(SOURCE MATERIAL)

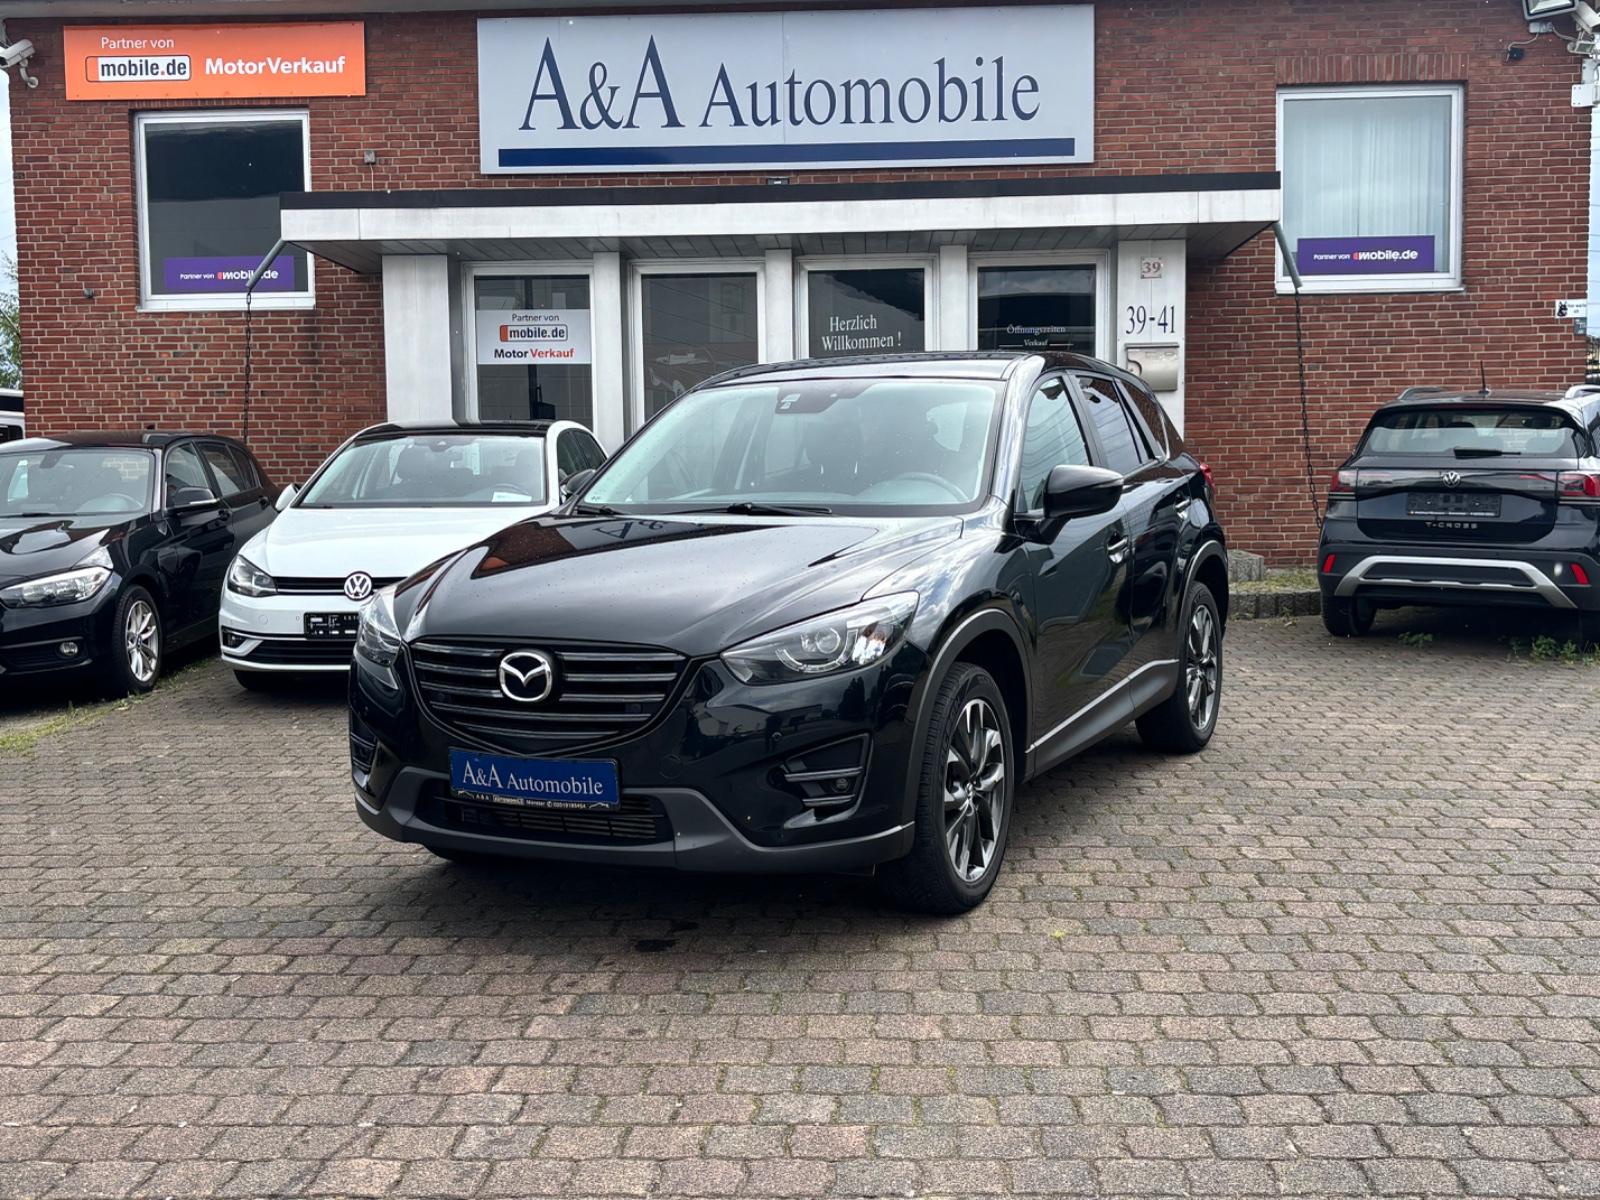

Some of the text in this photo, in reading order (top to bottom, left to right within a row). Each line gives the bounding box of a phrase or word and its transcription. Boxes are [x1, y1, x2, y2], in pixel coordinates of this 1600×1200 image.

[101, 37, 174, 49] Partner von
[101, 59, 187, 77] mobile.de
[518, 34, 1041, 131] A&A Automobile
[1358, 249, 1418, 261] mobile.de
[1142, 261, 1161, 274] 39
[222, 269, 279, 280] mobil.de
[511, 313, 541, 322] Partner
[829, 314, 877, 332] Herzlich
[1125, 305, 1176, 335] 39-41
[509, 327, 565, 338] mobile.de
[1006, 323, 1066, 336] Öffnungszeiten
[821, 334, 894, 351] Willkommen
[494, 347, 575, 359] Motor Verkauf
[462, 759, 604, 796] A&A Automobile
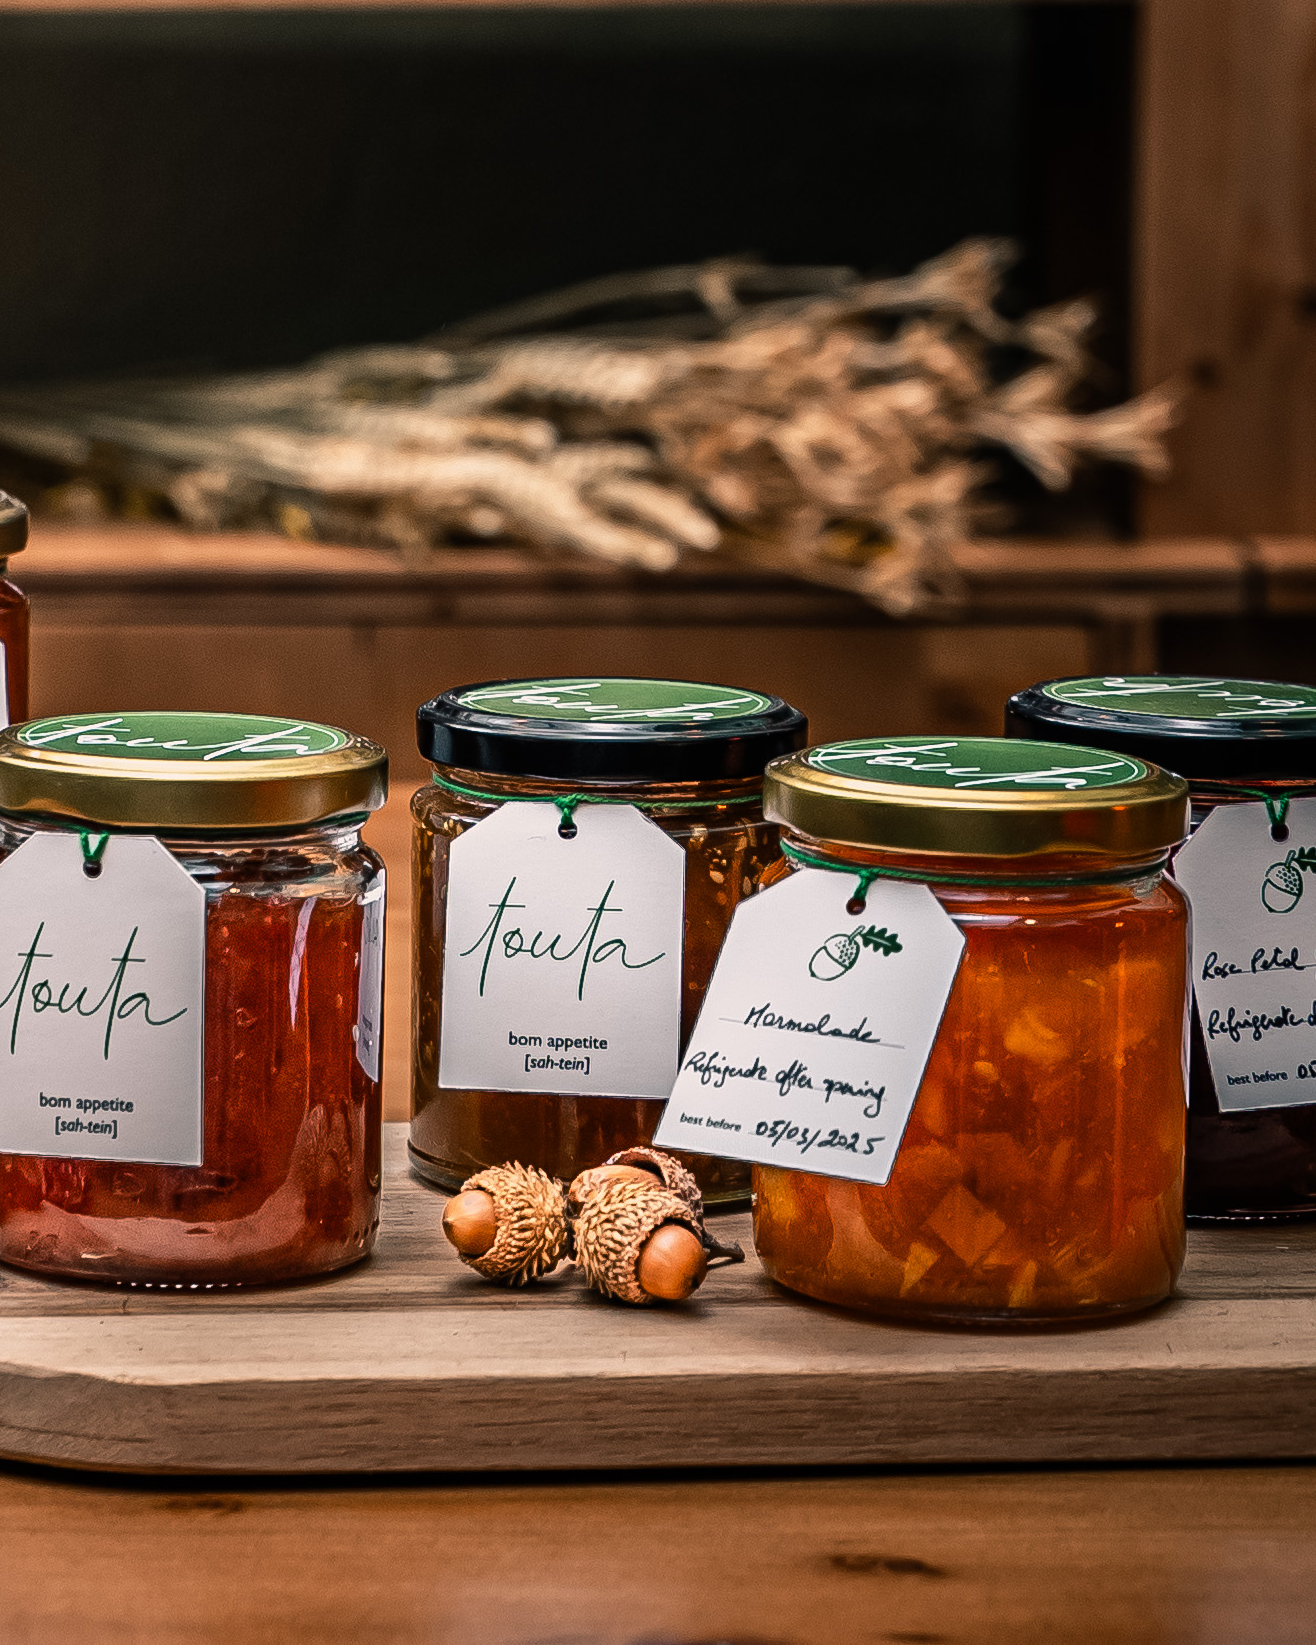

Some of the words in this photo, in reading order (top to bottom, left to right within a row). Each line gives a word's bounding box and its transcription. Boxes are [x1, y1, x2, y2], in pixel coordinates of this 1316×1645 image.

[458, 683, 754, 720] touta
[22, 718, 326, 760] touta
[808, 742, 1125, 789] touta
[460, 876, 666, 1001] touta
[1202, 951, 1242, 981] Rose
[1251, 947, 1305, 974] Petal
[508, 1031, 543, 1046] bom
[546, 1035, 608, 1052] appetite
[524, 1054, 590, 1075] [sah-tein]
[1227, 1074, 1251, 1085] best
[1252, 1070, 1289, 1083] before
[39, 1092, 72, 1108] bom
[75, 1097, 134, 1114] appetite
[54, 1116, 118, 1139] [sah-tein]
[680, 1112, 704, 1126] best
[705, 1117, 742, 1132] before

(End SOURCE MATERIAL)

Although the records contain pictures, your copy should hold only the text, reproduced exactly.

Some of the text in this photo, in reading order (top to bottom, left to right within a row). Each line gives the bounding box of a phrase or word and its transcription. Boxes are [x1, y1, x2, y2], in pixel coordinates of this 1600×1200 image.

[101, 37, 174, 49] Partner von
[101, 59, 187, 77] mobile.de
[518, 34, 1041, 131] A&A Automobile
[1358, 249, 1418, 261] mobile.de
[1142, 261, 1161, 274] 39
[222, 269, 279, 280] mobil.de
[511, 313, 541, 322] Partner
[829, 314, 877, 332] Herzlich
[1125, 305, 1176, 335] 39-41
[509, 327, 565, 338] mobile.de
[1006, 323, 1066, 336] Öffnungszeiten
[821, 334, 894, 351] Willkommen
[494, 347, 575, 359] Motor Verkauf
[462, 759, 604, 796] A&A Automobile

Some of the words in this photo, in reading order (top to bottom, left to right within a row). Each line gives a word's bounding box and its transcription. Boxes are [x1, y1, x2, y2], in pixel coordinates of this 1316×1645 image.

[458, 683, 754, 720] touta
[22, 718, 326, 760] touta
[808, 742, 1125, 789] touta
[460, 876, 666, 1001] touta
[1202, 951, 1242, 981] Rose
[1251, 947, 1305, 974] Petal
[508, 1031, 543, 1046] bom
[546, 1035, 608, 1052] appetite
[524, 1054, 590, 1075] [sah-tein]
[1227, 1074, 1251, 1085] best
[1252, 1070, 1289, 1083] before
[39, 1092, 72, 1108] bom
[75, 1097, 134, 1114] appetite
[54, 1116, 118, 1139] [sah-tein]
[680, 1112, 704, 1126] best
[705, 1117, 742, 1132] before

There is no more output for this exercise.